Mickey Moran's side relied heavily on the attacking scoring ability of Enda Muldoon and Paddy Bradley and the former picked up a deserved All Star.
Tyrone minors salvaged something from a difficult year for the county by picking up the All-Ireland title with a 0-12 to 0-10 final victory which ended hopes of a double for Kerry.
In hurling, it was another disappointing year for Ulster.
Dunloy endured another All-Ireland Club Final defeat when they were well-beaten by Cork club Newtownshandrum on St Patrick's Day.
They club then suffered tragedy two weeks later when player Frankie McMullan was found dead at his home.
On the intercounty front, Antrim boss Dinny Cahill tried to talk up his team in the press but, in truth, they never looked like making an impact in the summer.
The Saffrons needed a replay to beat a game but limited Down side in the Ulster Final.
To put it mildly, Cahill was then extremely unwise to rubbish the talents of Brian Corcoran and Niall McCarthy before the All-Ireland Quarter-Final against Cork.
The fired-up Rebels routed Antrim by 22 points in the clash and went on to win the All-Ireland decider by beating three-in-a-row seeking Kilkenny 0-17 to 0-9.
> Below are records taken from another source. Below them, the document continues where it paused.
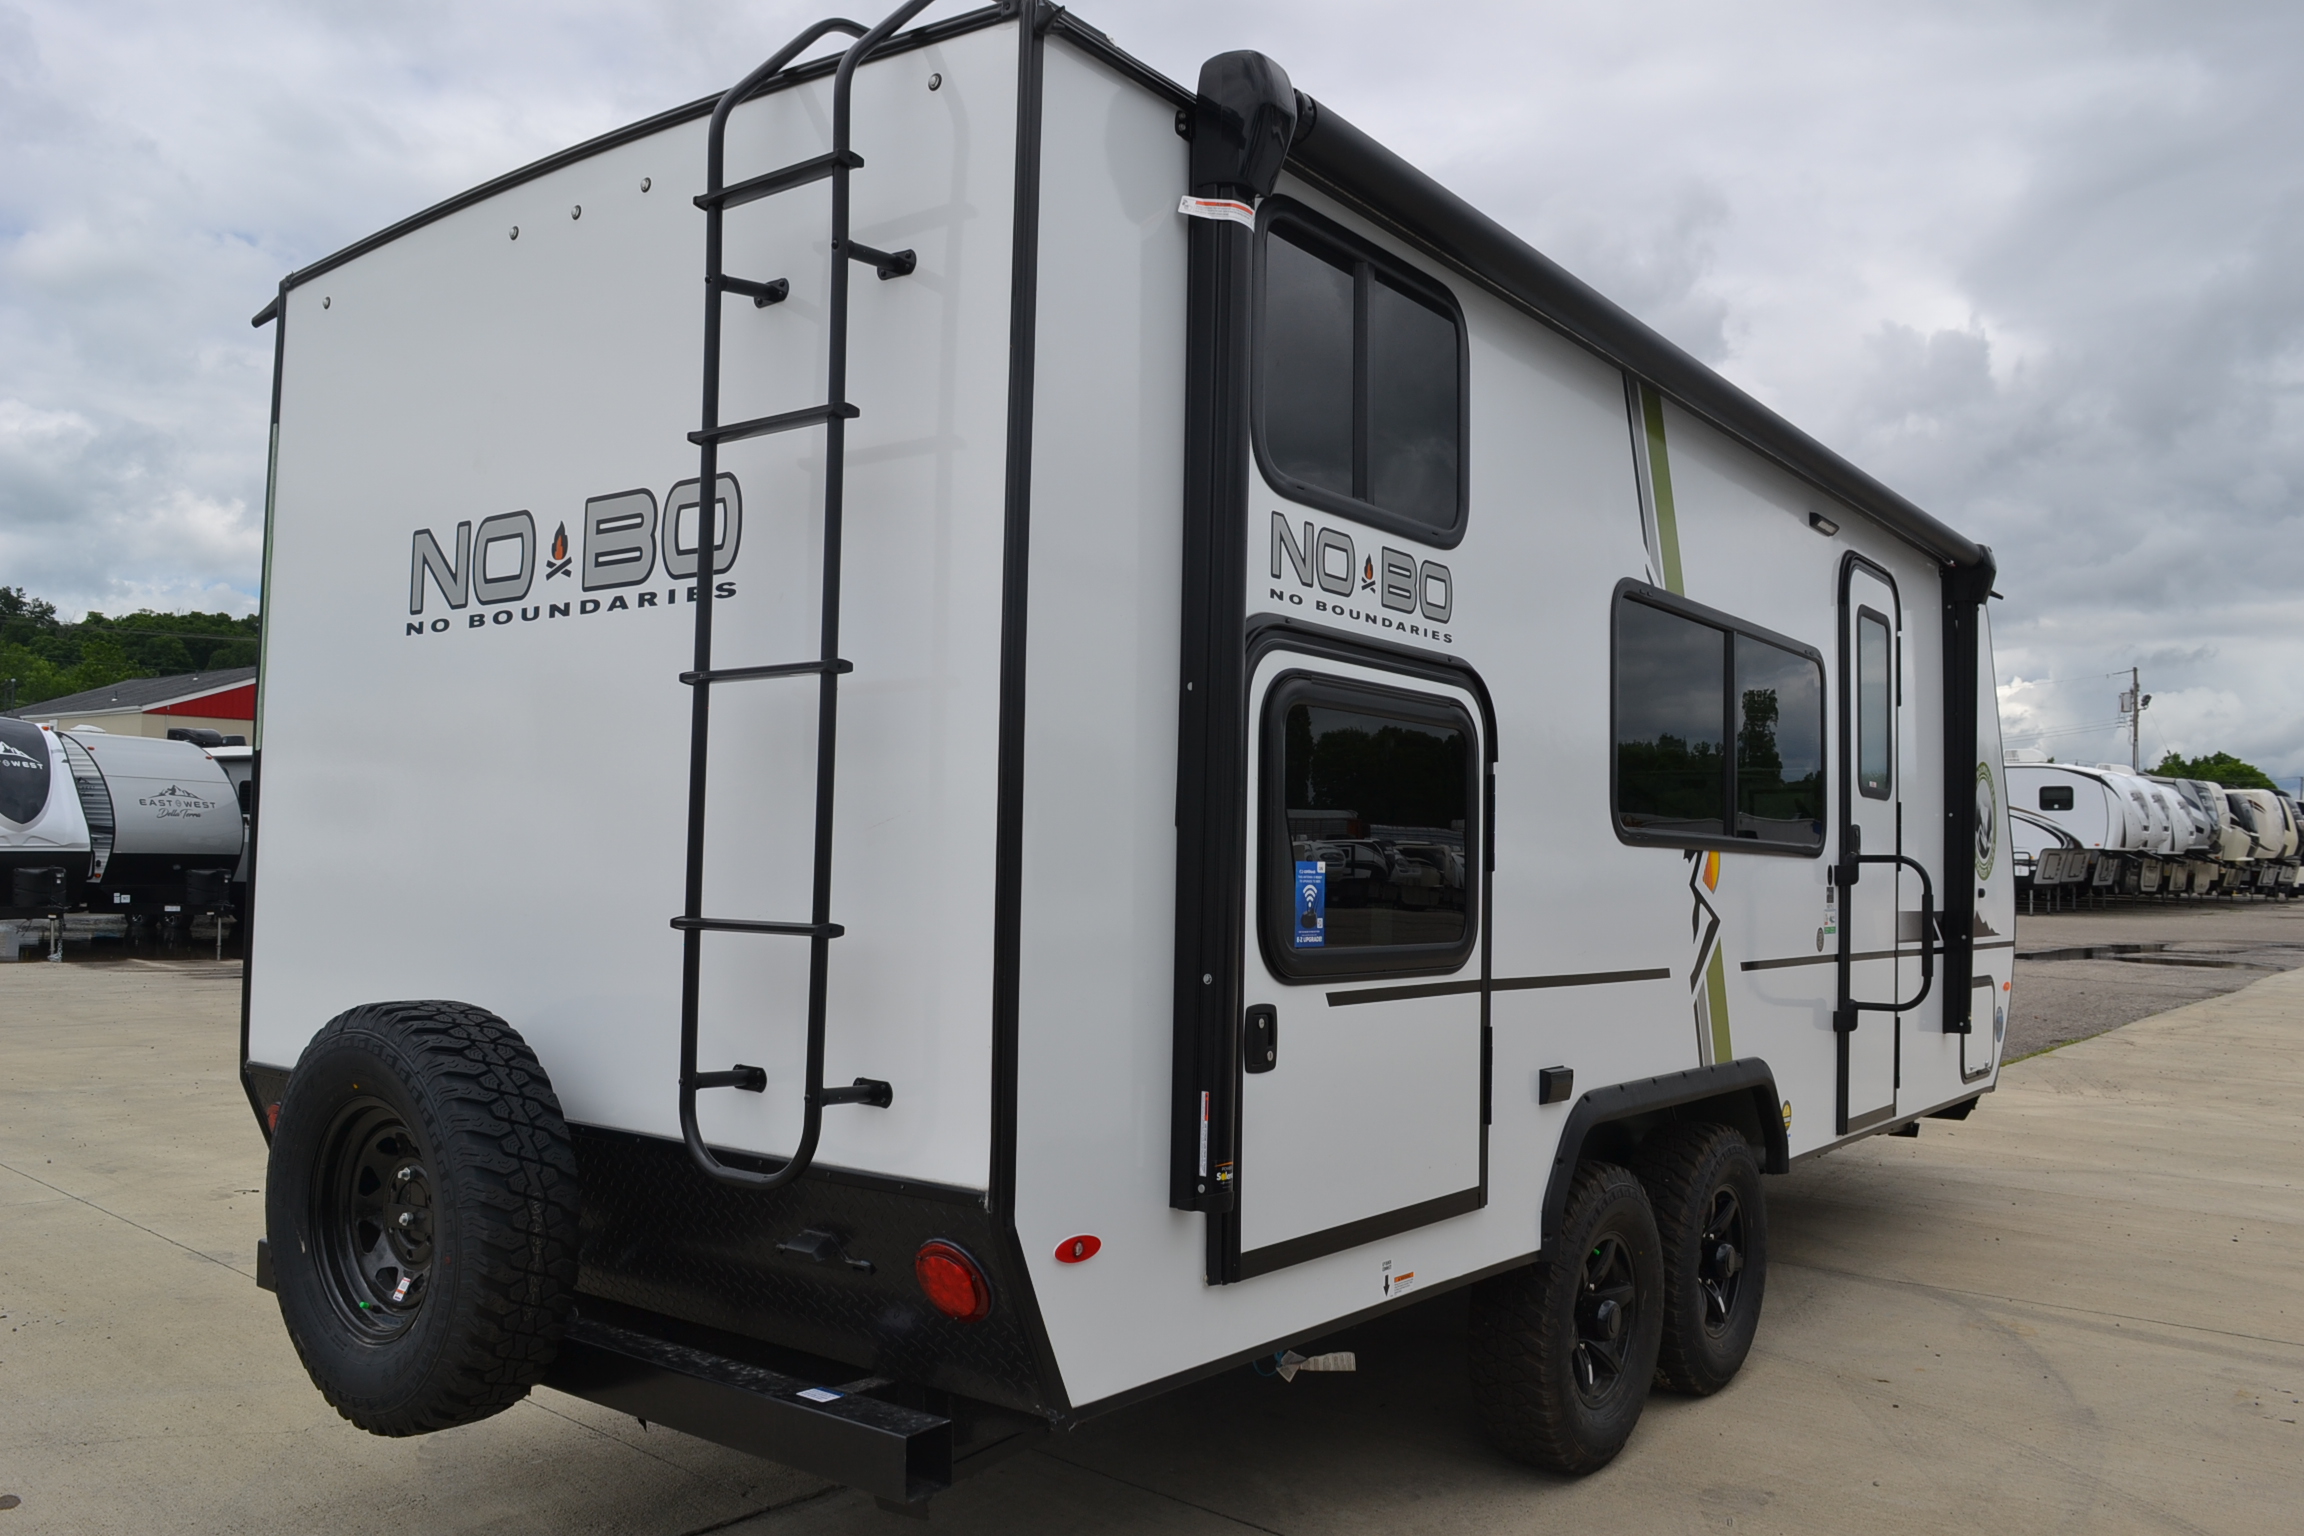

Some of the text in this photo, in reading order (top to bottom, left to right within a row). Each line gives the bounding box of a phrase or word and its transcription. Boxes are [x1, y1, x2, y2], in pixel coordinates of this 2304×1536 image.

[409, 471, 743, 615] NO BO
[1271, 511, 1452, 624] NO BO
[405, 617, 450, 636] NO
[1269, 588, 1453, 644] NO BOUNDARIES
[10, 760, 44, 770] WEST
[139, 798, 172, 806] EAST
On the club scene in the autumn, Crossmaglen claimed another Ulster football title by beating Mayobridge 0-14 to 0-9 in the decider.
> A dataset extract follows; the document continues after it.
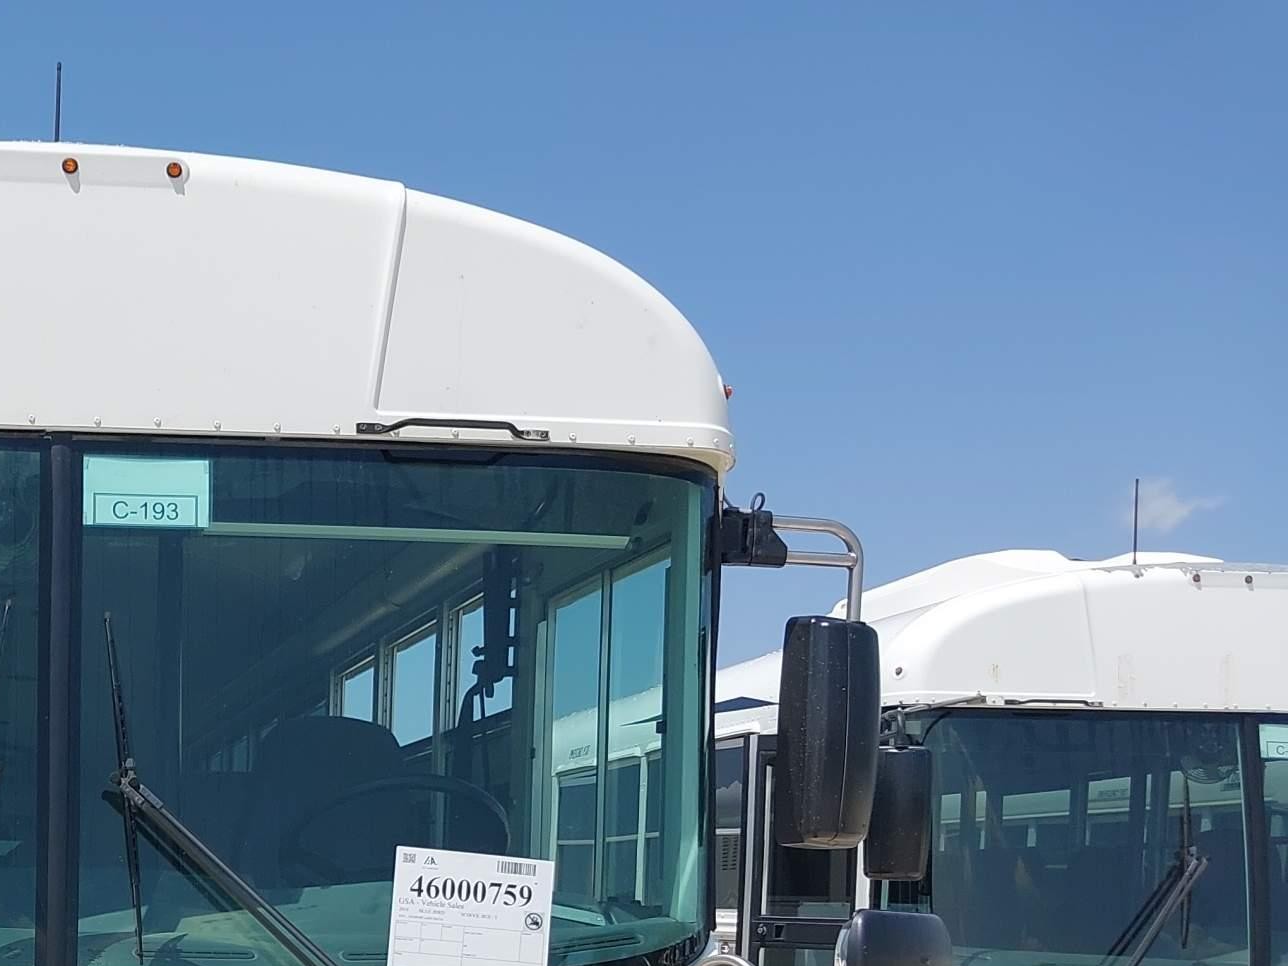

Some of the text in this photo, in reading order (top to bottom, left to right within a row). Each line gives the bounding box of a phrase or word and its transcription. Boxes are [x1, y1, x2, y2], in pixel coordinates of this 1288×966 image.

However, the victory was overshadowed for many by a dreadful Francie Bellew challenge which left Mickey Linden concussed and minus his front teeth.
With Dunloy beaten in the Antrim Championship, Belfast outfit Rossa defeated Down side Ballygalget in the provincial club decider and like Crossmaglen will try their luck at All-Ireland level in the spring.
Away from the field of play, the debate over Rule 42 rumbled on and the issue seems certain to dominate the next Annual Congress in April.
With Lansdowne Road likely to be out of bounds for international soccer and rugby from 2006 onwards because of redevelopment work, informed speculation suggests that the GAA is likely to make an historic change on the Croke Park issue.
But there's no guarantee that it will happen at the next Congress and it's possible that the issue could be dragged out until 2006.